In the evening your eldest aunt—the one who looks startlingly like your grandmother—invites you for dinner. She has made chicken rizzala, using your grandmother’s recipe, and it tastes the same, rich and fragrant with onions and yogurt and scented with cardamom. You ask about your grandmother’s funeral, and your eldest aunt says that it was raining that day. The mourners were gathered at the gravesite, but it was hard to cut open the lead-lined coffin. Lacking power tools, the gravediggers finally pried it open with hammers and chisels. It was getting dark by the time your grandmother was finally interred. You think of the wet, red earth, and the way it squelches between your toes and spatters your clothes. You imagine the scar of the freshly dug grave, the sticks of incense guttering in the wind.
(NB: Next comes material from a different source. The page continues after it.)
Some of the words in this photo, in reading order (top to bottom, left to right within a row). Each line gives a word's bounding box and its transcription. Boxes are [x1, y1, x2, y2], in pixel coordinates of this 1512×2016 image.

After dinner—you eat with your fingers, like everyone else—you wash your hands in your eldest aunt’s bathroom, passing through her bedroom. She uses the same golden, translucent soap, Pears, that your grandmother used to. After you wash your hands, its smell clings to you. On the way out, you see that your eldest aunt has built a new cupboard by the door, a tall, handsome structure gleaming with coats of varnish.
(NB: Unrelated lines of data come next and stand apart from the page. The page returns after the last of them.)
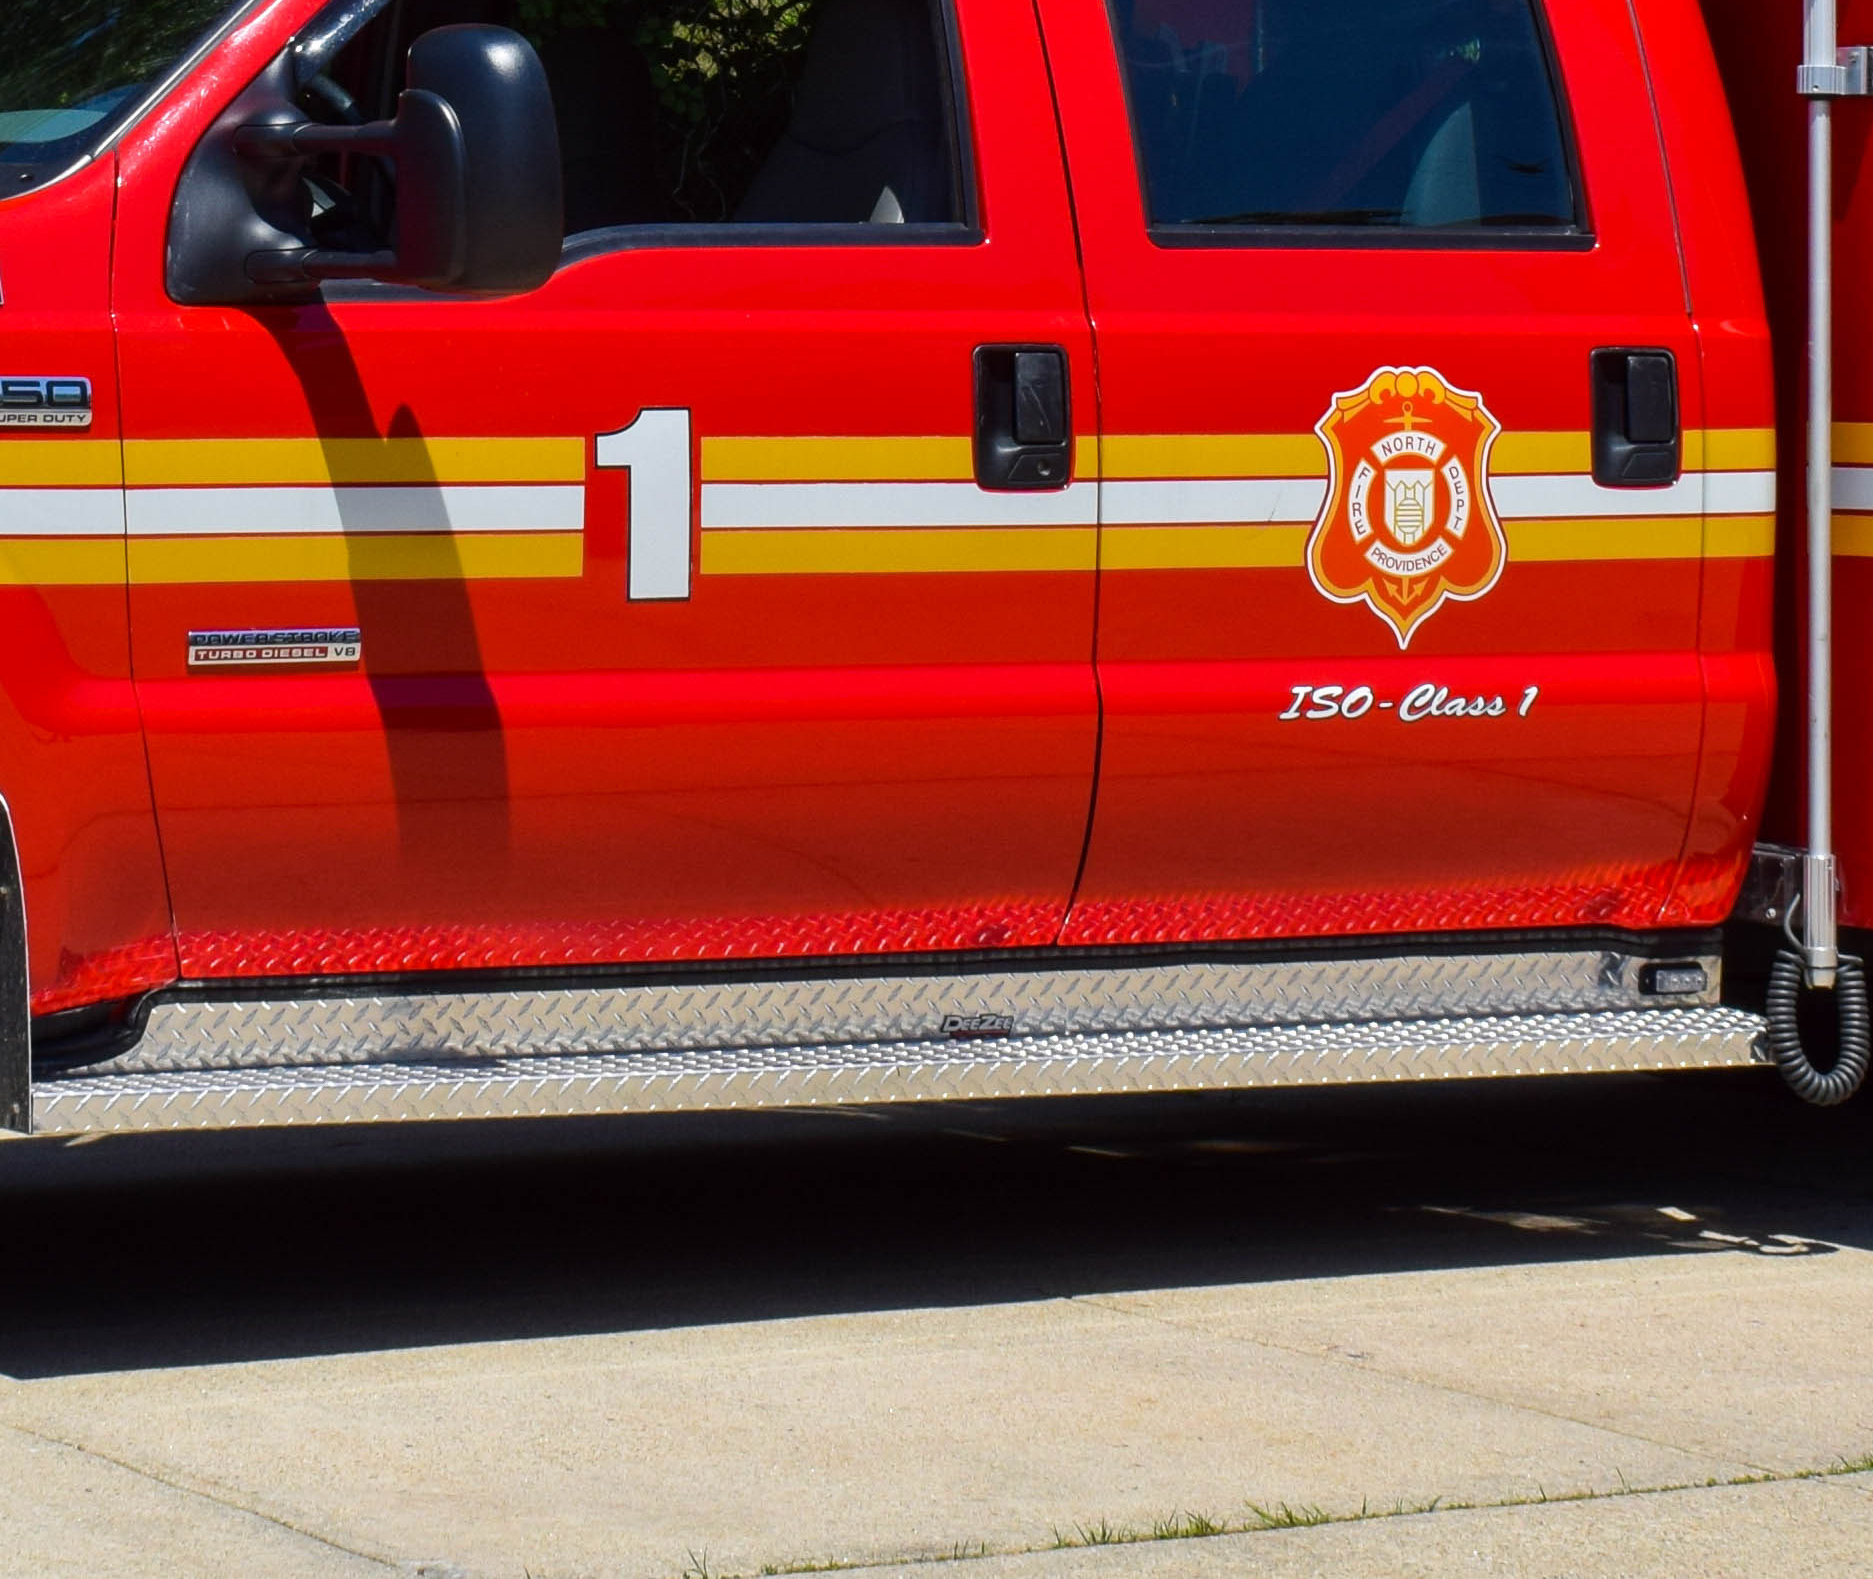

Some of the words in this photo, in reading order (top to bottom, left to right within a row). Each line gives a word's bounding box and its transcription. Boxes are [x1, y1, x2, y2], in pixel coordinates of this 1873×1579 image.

[42, 414, 87, 424] DUTY
[1381, 435, 1436, 457] NORTH
[594, 407, 692, 603] 1
[1352, 467, 1371, 536] FIRE
[1448, 466, 1465, 530] DEPT
[1370, 543, 1448, 572] PROVIDENCE
[197, 649, 257, 660] TURBO
[261, 647, 326, 658] DIESEL
[333, 646, 356, 656] V8
[1518, 685, 1539, 717] 1
Your eldest aunt sees you looking at the cupboard and says, You know what that is?
You must look confused, because your eldest aunt says, This is the wood from your grandmother’s coffin. It was solid American plywood, three-ply, it was a shame to waste it. So I made a cupboard out of it.
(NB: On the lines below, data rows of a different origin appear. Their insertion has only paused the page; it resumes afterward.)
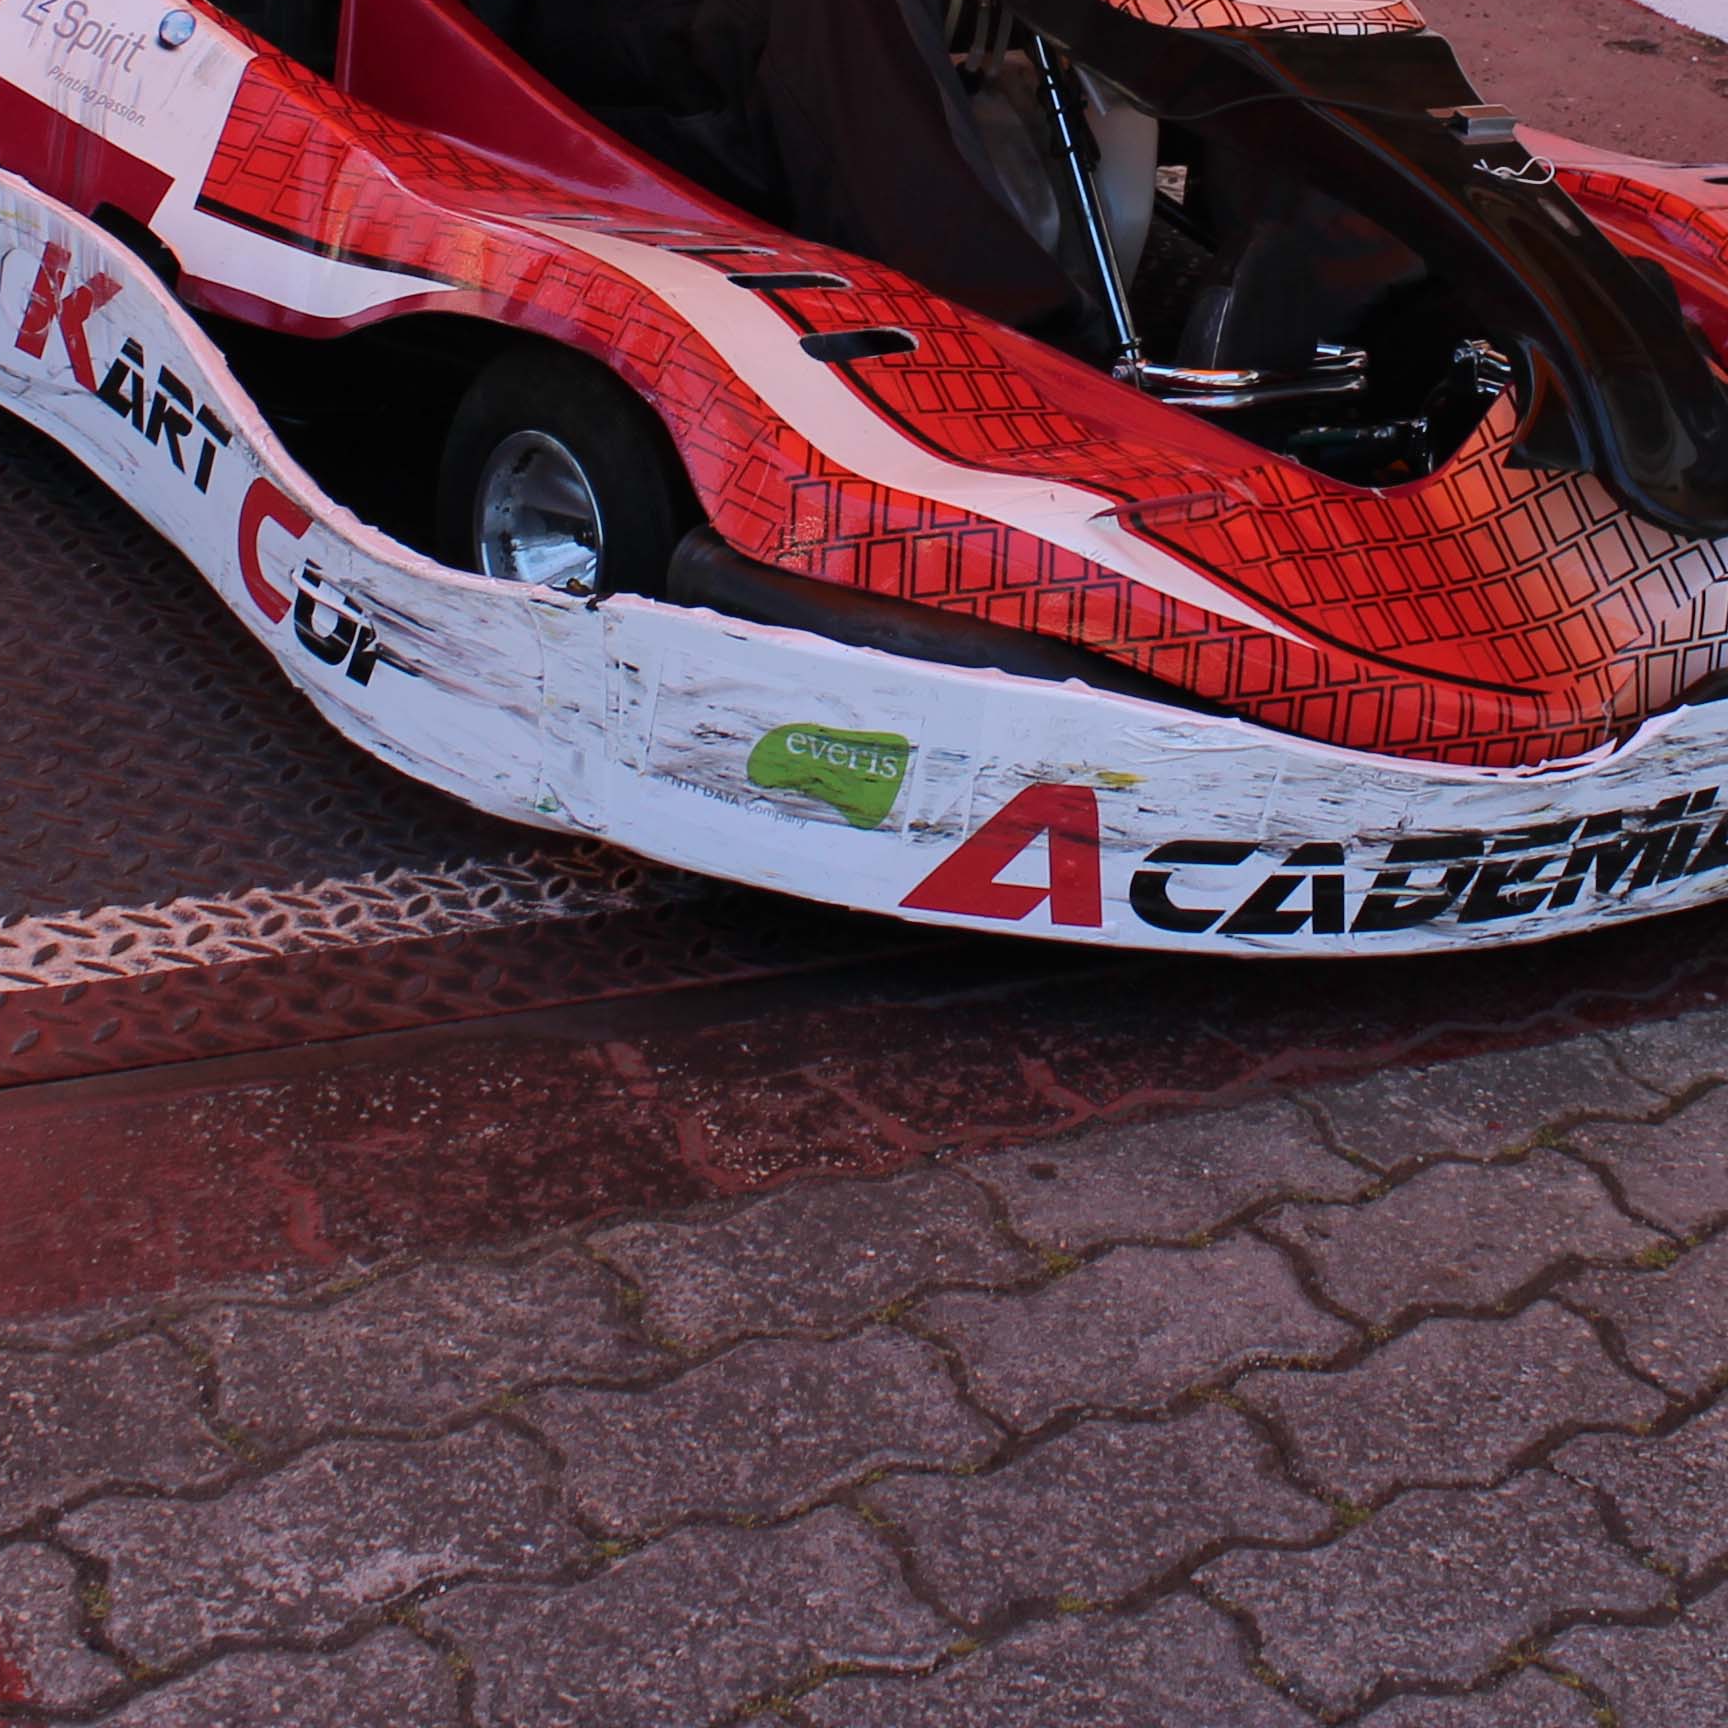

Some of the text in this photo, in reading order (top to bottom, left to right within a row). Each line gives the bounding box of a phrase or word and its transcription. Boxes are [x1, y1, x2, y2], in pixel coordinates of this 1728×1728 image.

[53, 0, 147, 73] Spirit
[48, 65, 97, 104] Printing
[14, 240, 233, 495] KART
[786, 731, 899, 779] everis
[743, 795, 810, 830] Company
You cannot believe that your aunt did this. You walk over to the cupboard and touch it with the palm of your hand, feeling, under the stickiness of the varnish, the soft grain of American wood. You stand motionless and your eyes fill with tears. Your aunt notices and says, There, there, and, It’s okay, she’s in heaven now.
You want to ask your eldest aunt for a minute alone, but that is an impossibility in an Indian family, she will not understand what you mean. Instead you stand with your palm flat against the wood of your grandmother’s coffin, eyes tightly shut, trying to stop the tears from flowing. You cannot stop crying, and you cannot explain to your aunt that you are not crying for your grandmother. You are crying for yourself, because with your grandmother gone, you have lost the center of your world. This is what your life will be like from now on. You are naked and homeless and alone.